Same; Same; Same; Qualifying Aggravating Circumstances;
Information and Communication Technologies; View that the mere
use of Information and Communication Technologies (ICT) by
itself should not automatically make it aggravating. It has to be
purposely sought to facilitate the crime, maximize damage or
ensure impunity.—The mere use of ICT by itself should not
automatically make it aggravating. It has to be purposely
sought to facilitate the crime, maximize damage or ensure
impunity. It must be established that the otherwise beneficial
nature of ICT was selected and intentionally sought, deliberately
and consciously adopted to advance the perpetration of the crime.
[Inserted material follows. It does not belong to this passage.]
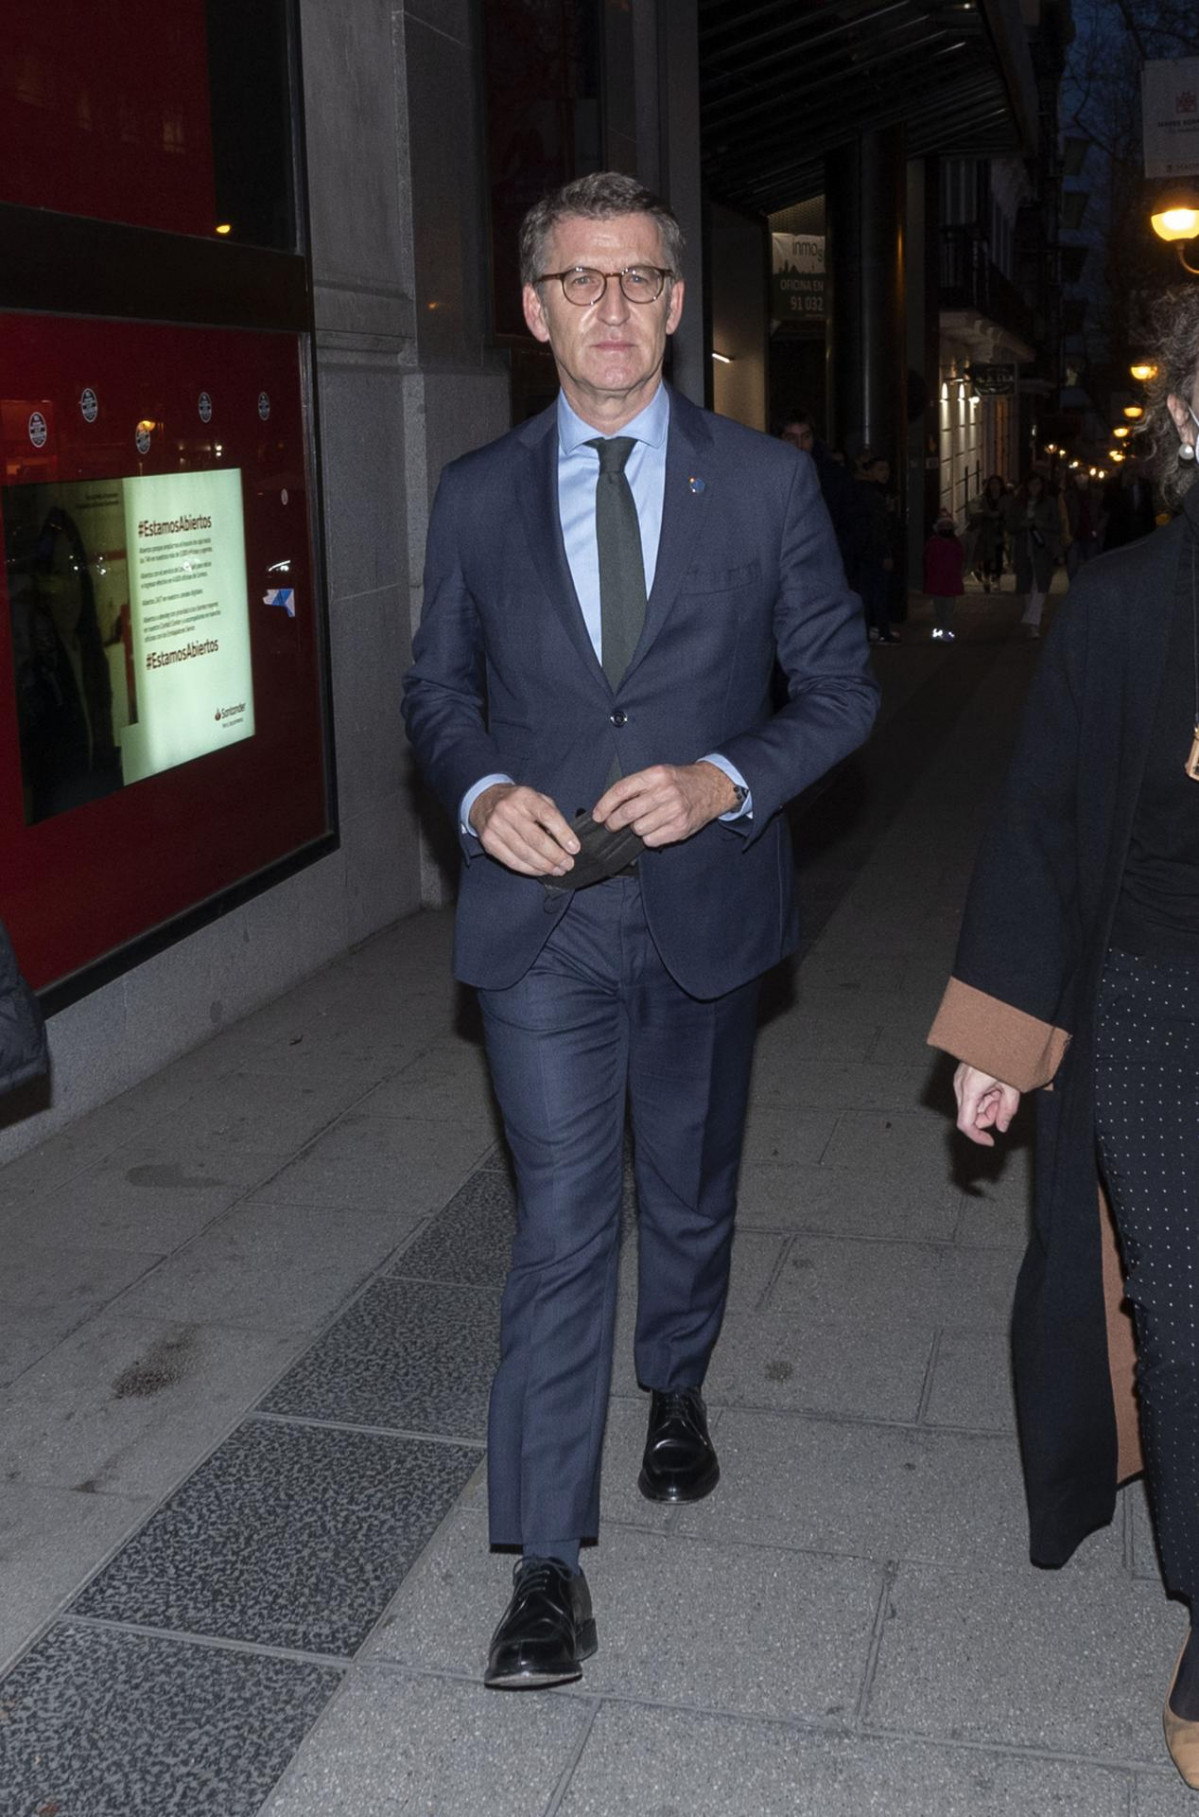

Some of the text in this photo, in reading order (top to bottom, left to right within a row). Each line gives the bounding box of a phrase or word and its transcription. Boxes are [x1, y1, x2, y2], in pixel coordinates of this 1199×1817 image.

[790, 296, 823, 311] 91 032
[138, 514, 212, 537] #EstamosAbiertos
[146, 639, 219, 670] #EstamosAbiertos
[221, 703, 246, 719] Santander
That is the only way to attribute greater perversity on the
part of the offender in using ICT and to justify the
imposition of a penalty one degree higher. If there is no
such intent, there can be no aggravation. If the mind is
innocent as to the adoption of a particular means, there
can be no aggravating circumstance. This malicious intent,
like the elements of the crimes itself, must be proven beyond
reasonable doubt. If not so proven, the ICT cannot qualify the
crime, and the criminal cannot be penalized one degree higher.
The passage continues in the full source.